Choosing Building Environment Evaluators

The following is a summary of Chapter 1 of The Cutter Corporation’s Indoor Air Quality in Schools, a guide to the practical control of indoor air problems. 1996.

  • There is no standard licensing or certification program for Indoor Environment evaluators.
  • Air Quality problems often stem from complex causes among interacting conditions, and require broad knowledge and training.
  • Environmental Consultants who specialize in industrial settings may not be suited for dealing with school indoor environments.
  • Often consultants have training in one field, say ventilation, or microbiology, and are best used as part of a coordinated team. A team approach tends to work best, with a chief consultant who has well rounded experience and training and who knows the strengths of his team members.
  • Dangers arise when consultants in one or two subject areas broaden their opinions beyond the area they are trained in. Given the lack of standards for training this is very common. “Many times, administrators hire such consultants only to find the IAQ problem getting worse while they waste time and money on an inadequate investigation.” (p.14)
  • Testing can be very unreliable and misleading. A skilled investigator relies on much more than interpretation of test results to evaluate a building.
  • Consultants use complaints as the groundwork for discovering the nature of the problems – keeping an open mind and seeing complainants as part of the team, while recognizing potential shortcomings of the complaint process. It helps them know what questions to ask and what to look for first.
  • The Cutter Corporation has a list of available consultants, but how extensive is it for eastern Canada? It may be worth checking into: The IAQ Product & Service Guide.
  • Selecting from among available consultants is a large challenge:
    • Is this the consultant’s main line of business, or just a sideline? – Looking in the Yellow Pages is not the best approach.
    • Government agencies may or may not have good recommendations.
    • Word of mouth often works well to locate at least a shortlist of candidates.
    • Including among the decision makers some who are well informed on matters of IAQ helps in making a good choice.

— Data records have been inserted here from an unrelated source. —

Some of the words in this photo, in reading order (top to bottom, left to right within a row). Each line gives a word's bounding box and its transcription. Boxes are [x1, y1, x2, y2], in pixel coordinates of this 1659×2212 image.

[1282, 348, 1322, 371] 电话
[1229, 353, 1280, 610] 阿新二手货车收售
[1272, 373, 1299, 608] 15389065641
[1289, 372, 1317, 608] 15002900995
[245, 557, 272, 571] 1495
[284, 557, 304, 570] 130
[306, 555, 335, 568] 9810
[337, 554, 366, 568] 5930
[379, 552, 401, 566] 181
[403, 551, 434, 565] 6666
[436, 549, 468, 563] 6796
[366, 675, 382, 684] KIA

Qualities to consider when selecting consultants:

Expertise: Refer to the comments above. In addition, for an initial investigation the Cutter Corporation suggests the primary consultant include on the team at least an industrial hygienist and an HVAC (ventilation) engineer. Microbiology, analytical chemistry, ventilation design, and others (i.e: structural engineering) may be used as well. The primary consultant needn’t have all this expertise in house, but can subcontract. The important thing is that they have worked together as a team before.

Communication Skills: An IAQ investigation goes beyond sampling and investigation. Consultants have to be skilled at understanding client’s problems and concerns, explaining results meaningfully, and making realistic recommendations. Before hiring a consultant, clients should review previous reports to determine if this is the presentation manner and type of information needed.

Investigative Approach: Different problems call for different approaches. An initial investigation could call for a review & inspection of building systems, CO2 and CO and particulate tests. Other tests depend on preliminary investigation (including building occupant interviews).

Cost: The consumer should beware. “Clients have to pay for experience, and it is experience that often leads to finding – and correcting – the problem sooner.” The people who perform the investigation have to have the necessary skills to interpret subtle clues. “It is also fair to say that a higher price doesn’t guarantee a good job.”

Reputation: Check a firm’s or consultant’s standing with professional organizations. Have they published? Most important: Check references and read past reports.

The Cutter Corporation ends the chapter with: IAQ Education is Vital. It encourages administrators to become educated and also to seek competent professional assistance and weigh all criteria rather than relying on such things as “gut feelings”.